Method: A sample of 68 participants were enrolled, by using facility ART registers, an electronic smart care system, a pharmacy daily activity register, and patient locator forms, 68 participants who were on ART at the time and missed a Clinical Appointment were randomly selected, all were from Sinda Zonal Health Centre but coming from different communities. Participants who were not able to come to the clinic and had an active number were contacted by phone, and those who did not have phones were followed up by an assigned CHW and interviewed one on one.
1. Individual Factors: Among the 68 clients 12 (17.6%) complained of side effects and alcohol abuse.
2. Community Factors: 13 (19.1%) complained about distance to facility, food shortage, and 10 (14.7%) were sharing Medication with spouses.
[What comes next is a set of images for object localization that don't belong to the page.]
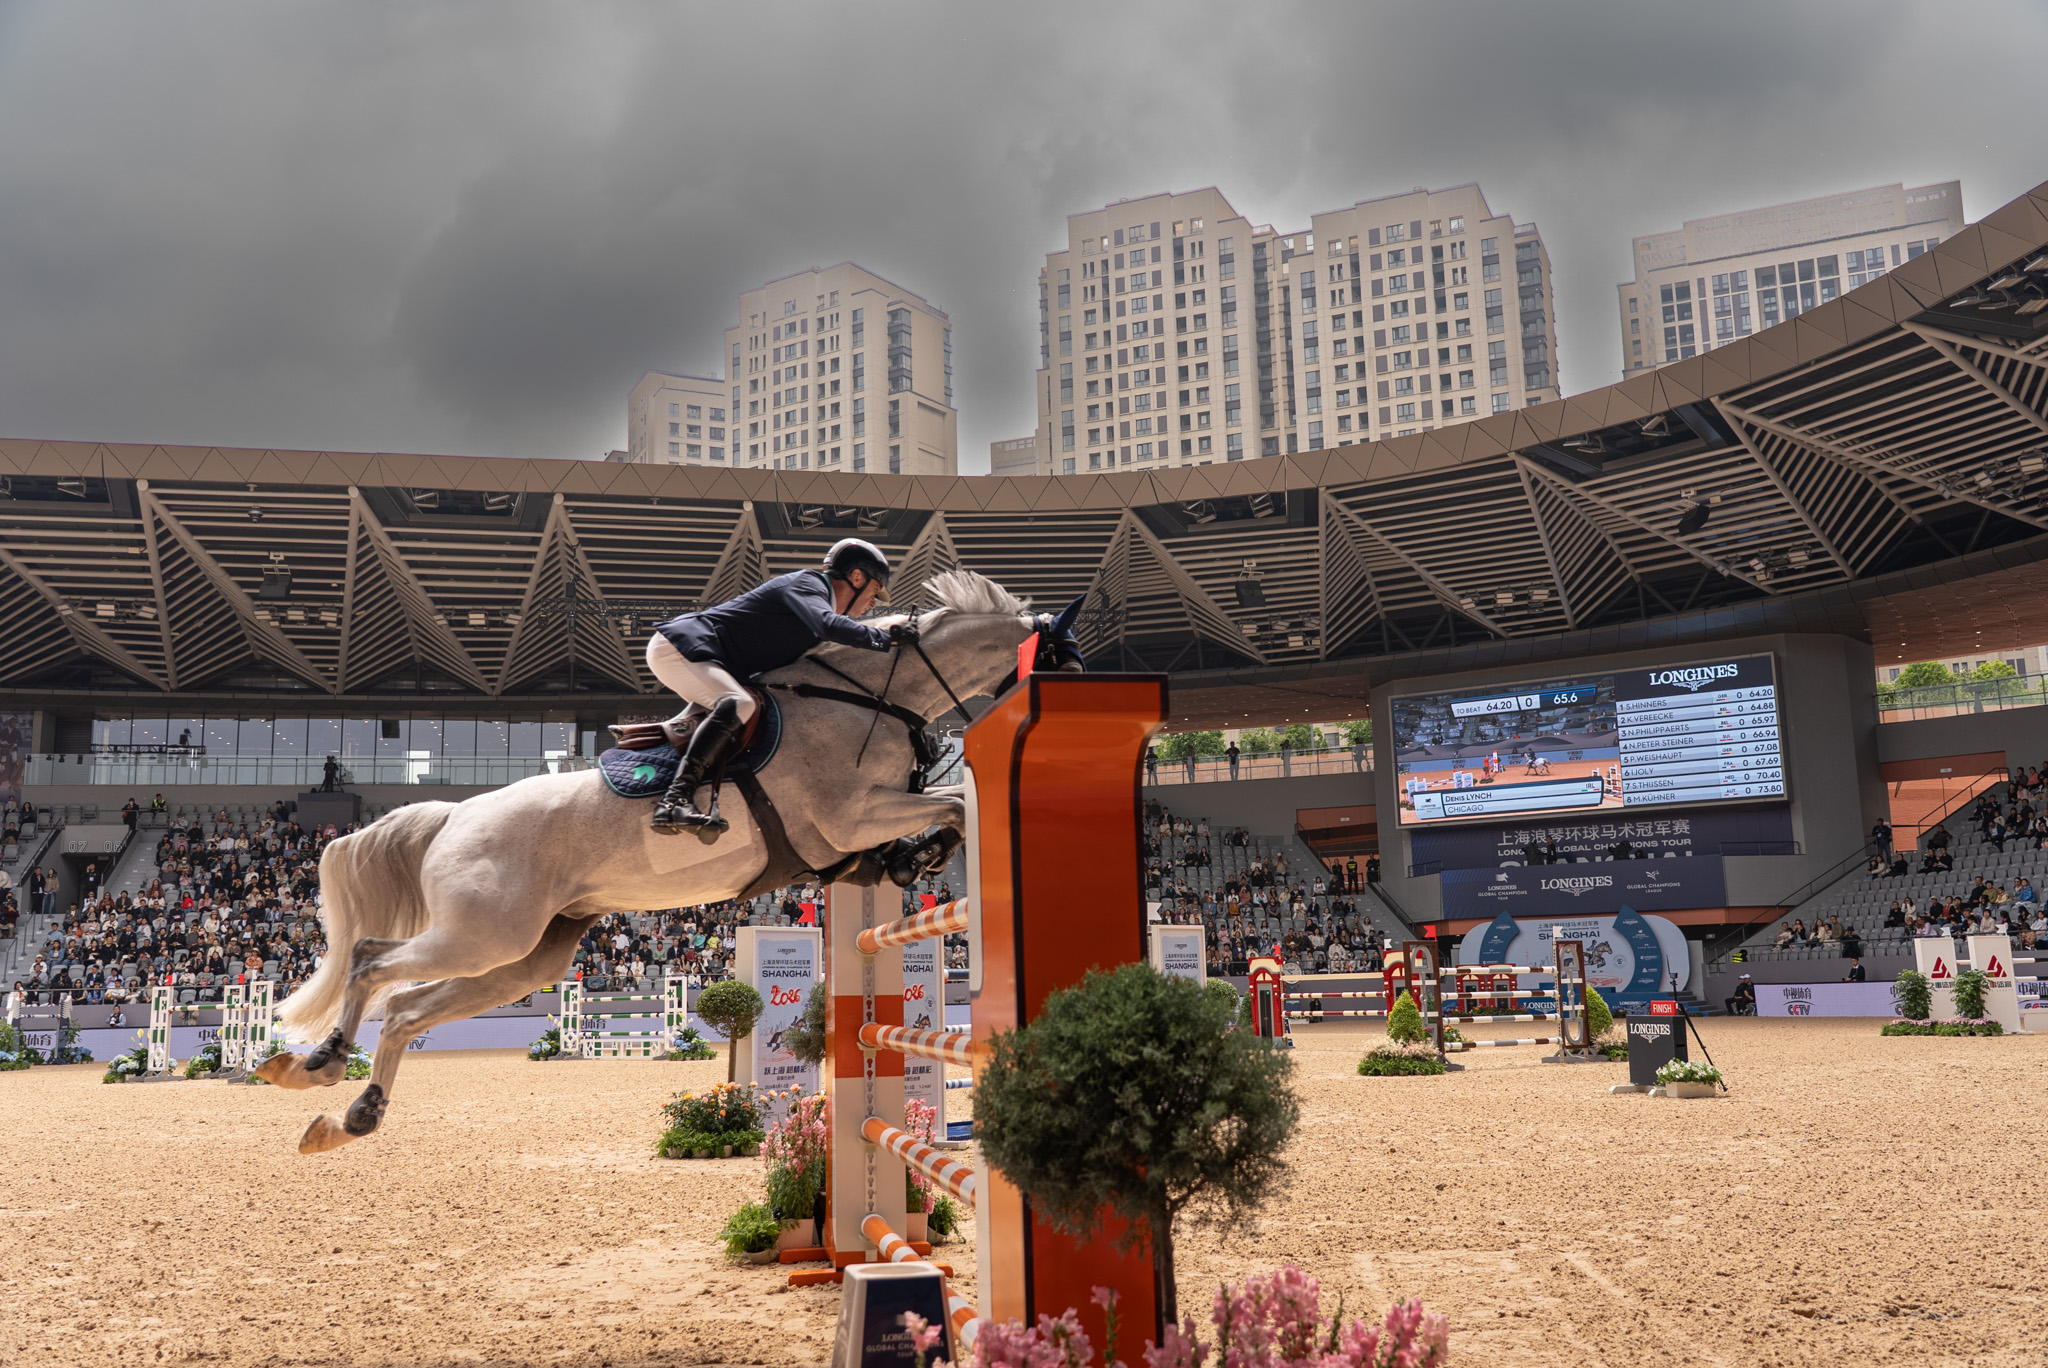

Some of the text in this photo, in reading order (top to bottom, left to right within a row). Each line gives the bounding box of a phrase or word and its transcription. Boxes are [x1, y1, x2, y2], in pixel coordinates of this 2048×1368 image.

[1649, 664, 1738, 686] LONGINES
[1466, 706, 1481, 714] BEAT
[1486, 701, 1512, 712] 64.20
[1525, 697, 1532, 708] 0
[1553, 692, 1578, 704] 65.6
[1626, 700, 1667, 710] S.HINNERS
[1750, 688, 1772, 697] 64.20
[1627, 712, 1674, 721] K.VEREECKE
[1750, 702, 1774, 711] 64.88
[1628, 724, 1690, 736] N.PHILIPPAERTS
[1752, 716, 1774, 724] 65.97
[1629, 740, 1660, 750] N.PETER
[1662, 737, 1694, 746] STEINER
[1753, 730, 1776, 738] 66.94
[1630, 752, 1682, 762] P.WEISHAUPT
[1754, 743, 1778, 752] 67.08
[1755, 757, 1778, 765] 67.69
[1757, 771, 1780, 779] 70.40
[1758, 785, 1781, 793] 73.80
[1466, 792, 1492, 801] LYNCH
[1448, 804, 1484, 813] CHICAGO
[1497, 819, 1690, 846] 上海浪琴环球马术冠军赛
[68, 841, 87, 852] 07
[1498, 846, 1548, 856] LONGS
[1594, 840, 1658, 850] CHAIONS
[1541, 876, 1613, 890] LONGINES
[1538, 931, 1600, 940] SHNGHAI
[1165, 962, 1198, 970] SHANGHAI
[903, 984, 925, 1001] 026
[1783, 988, 1812, 999] 中视体育
[2018, 982, 2048, 996] 中视体
[770, 985, 802, 1006] 2026
[1653, 1004, 1672, 1014] FINISH
[1788, 1004, 1810, 1015] CCTV
[1630, 1024, 1670, 1035] LONGINES
[882, 1332, 912, 1342] LONGI
[866, 1344, 895, 1352] GLOBAL
3. Institutional Related Factors: Gaps found were essential medication stock-out, and 33 (48.5%) complained of long waiting times, travel distance.
Conclusion: Retention in ART care is an important indicator that contributes to the attainment of 95/95/95; therefore, it is essential to have a strong community follow-up and Client support systems for all RoCs in Sinda district.
- Rapid follow-up of RoCs who miss appointments by use of phone calls, texts home visit and adequate documentation in respected ART register by a client care officer and CHWs immediately they miss an appointment.
- 6 months’ dispensation, CAAPs and use of DSD model such as scholar model and family centered approach every time you have a visit for stable clients.